Neulich hatten wir eine Anfrage zu einer hybriden Konferenz. Bis zu zehn Menschen sollen sich bald in einem Konferenzsaal befinden, der Rest per Zoom zugeschaltet, bei insgesamt drei Sprachen arbeiten wir zu viert in vier Kabinen, zwei sind vor Ort fest verbaut, zwei werden hinzugestellt.
Jetzt also der Vor-Ort-Termin. Wie lösen wir das, wenn die Vortragenden sich an ein- und demselben Rednerpult abwechseln sollen, auf das eine Kamera gerichtet ist, außerdem gibt es eine Kamera, die den gesamten Raum aufnimmt, sowie eine weitere, vorzugsweise automatisierte Kamera, die drei antwortende Wissenschaftler*innen vor Ort filmen soll?

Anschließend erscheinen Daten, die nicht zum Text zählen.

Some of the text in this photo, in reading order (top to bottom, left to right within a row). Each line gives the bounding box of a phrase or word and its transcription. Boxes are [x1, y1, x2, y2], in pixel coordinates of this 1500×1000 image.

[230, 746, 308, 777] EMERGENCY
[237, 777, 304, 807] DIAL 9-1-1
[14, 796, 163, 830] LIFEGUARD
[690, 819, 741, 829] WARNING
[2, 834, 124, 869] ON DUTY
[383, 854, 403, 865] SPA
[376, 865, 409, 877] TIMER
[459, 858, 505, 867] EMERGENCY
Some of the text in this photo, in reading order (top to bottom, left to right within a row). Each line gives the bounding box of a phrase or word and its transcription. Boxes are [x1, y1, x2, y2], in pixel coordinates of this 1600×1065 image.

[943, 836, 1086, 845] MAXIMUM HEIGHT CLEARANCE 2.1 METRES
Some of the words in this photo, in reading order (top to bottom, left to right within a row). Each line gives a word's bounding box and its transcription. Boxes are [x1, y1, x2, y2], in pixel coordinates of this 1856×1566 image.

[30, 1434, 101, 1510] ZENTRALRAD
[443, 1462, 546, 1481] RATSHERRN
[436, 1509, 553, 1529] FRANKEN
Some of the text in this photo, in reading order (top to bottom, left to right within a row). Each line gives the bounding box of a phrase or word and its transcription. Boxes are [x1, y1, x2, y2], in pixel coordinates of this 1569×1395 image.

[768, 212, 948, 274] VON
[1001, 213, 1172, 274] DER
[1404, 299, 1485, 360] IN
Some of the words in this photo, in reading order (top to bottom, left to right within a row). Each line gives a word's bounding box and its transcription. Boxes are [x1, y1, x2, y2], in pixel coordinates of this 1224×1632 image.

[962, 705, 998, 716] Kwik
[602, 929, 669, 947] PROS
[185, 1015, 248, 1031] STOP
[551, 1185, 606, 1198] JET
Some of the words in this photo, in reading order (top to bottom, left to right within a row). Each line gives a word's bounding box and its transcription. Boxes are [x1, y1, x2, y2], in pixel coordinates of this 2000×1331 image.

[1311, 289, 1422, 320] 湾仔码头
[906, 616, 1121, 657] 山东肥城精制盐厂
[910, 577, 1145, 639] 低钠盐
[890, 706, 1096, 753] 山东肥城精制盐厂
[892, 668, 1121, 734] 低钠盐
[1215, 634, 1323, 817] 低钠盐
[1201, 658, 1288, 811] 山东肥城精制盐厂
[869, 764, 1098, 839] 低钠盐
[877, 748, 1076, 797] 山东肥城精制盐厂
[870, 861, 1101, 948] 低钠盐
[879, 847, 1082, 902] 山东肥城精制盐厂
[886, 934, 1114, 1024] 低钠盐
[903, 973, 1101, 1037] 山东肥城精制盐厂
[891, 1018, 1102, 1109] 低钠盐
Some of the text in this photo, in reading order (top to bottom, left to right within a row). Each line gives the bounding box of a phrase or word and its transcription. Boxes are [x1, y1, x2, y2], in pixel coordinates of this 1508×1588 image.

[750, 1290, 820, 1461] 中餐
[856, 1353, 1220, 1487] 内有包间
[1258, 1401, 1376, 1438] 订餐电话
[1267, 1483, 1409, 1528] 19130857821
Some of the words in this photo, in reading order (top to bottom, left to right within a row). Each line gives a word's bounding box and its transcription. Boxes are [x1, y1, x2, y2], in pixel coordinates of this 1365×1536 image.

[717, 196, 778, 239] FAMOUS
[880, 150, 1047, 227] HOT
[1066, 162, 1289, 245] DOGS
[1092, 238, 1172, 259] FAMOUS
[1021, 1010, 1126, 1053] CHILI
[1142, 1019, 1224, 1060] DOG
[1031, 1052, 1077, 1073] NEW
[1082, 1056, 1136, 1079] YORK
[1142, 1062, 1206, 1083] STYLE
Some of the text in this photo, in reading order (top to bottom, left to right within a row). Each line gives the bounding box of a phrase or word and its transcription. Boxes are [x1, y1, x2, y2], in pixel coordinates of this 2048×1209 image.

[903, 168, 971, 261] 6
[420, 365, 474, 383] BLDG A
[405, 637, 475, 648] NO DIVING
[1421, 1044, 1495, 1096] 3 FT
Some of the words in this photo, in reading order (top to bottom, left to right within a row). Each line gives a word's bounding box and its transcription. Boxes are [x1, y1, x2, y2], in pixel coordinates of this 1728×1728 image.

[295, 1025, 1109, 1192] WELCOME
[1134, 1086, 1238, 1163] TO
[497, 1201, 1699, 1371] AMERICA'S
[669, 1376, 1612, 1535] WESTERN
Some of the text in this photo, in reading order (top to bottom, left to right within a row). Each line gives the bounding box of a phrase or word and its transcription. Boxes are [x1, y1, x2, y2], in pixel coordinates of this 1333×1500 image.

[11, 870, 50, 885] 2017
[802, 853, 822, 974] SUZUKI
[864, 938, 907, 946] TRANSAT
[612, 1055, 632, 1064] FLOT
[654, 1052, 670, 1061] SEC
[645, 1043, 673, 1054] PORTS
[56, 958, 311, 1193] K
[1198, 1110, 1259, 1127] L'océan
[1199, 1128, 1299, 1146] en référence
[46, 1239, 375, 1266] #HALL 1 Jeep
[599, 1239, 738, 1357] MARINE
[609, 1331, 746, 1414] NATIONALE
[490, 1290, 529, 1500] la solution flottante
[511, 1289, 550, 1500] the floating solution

Und wie ändern wir für die Zukunft Dolmetscherkabinen, in denen wir künftig wohl wieder zu zweit sitzen dürfen, wenn ein Teil der Konferenzteilnehmer aber fortgesetzt über Zoom zugeschaltet werden wird? Einige bauliche Ideen hatte ich sofort, andere werden folgen, Ideen, über die sich alle Beteiligten im ersten Moment gefreut, im zweiten Moment indes gewundert haben.
Und jetzt wundere ich mich, dass sich alle darüber wundern, dass eine aktive Dolmetscherin gute Ideen zur Gestaltung des eigenen Arbeitsplatzes hat. Es ist ohnehin verwunderlich, dass das Heer von Architekten, deren gebaute Vorstellungskraft wir regelmäßig an Arbeitstagen inspizieren dürfen, so wenig ausreicht, um die eigenen Grenzen zu erkennen. Will sagen: 99 % der neugebauten, fest installierten Dolmetscherkabinen außerhalb der internationalen Institutionen zeugen von absolut totaler und kompletter Ignoranz dessen, was wir Dolmetscher*innen beruflich so machen. In dieser Architektur gewordenen Ahnungslosigkeit lässt sich nur bedingt professionell arbeiten, weshalb ich etliche dieser Orte im Regierungsviertel bereits als Stuhllager oder teurer Putzmittelschrank gesehen habe.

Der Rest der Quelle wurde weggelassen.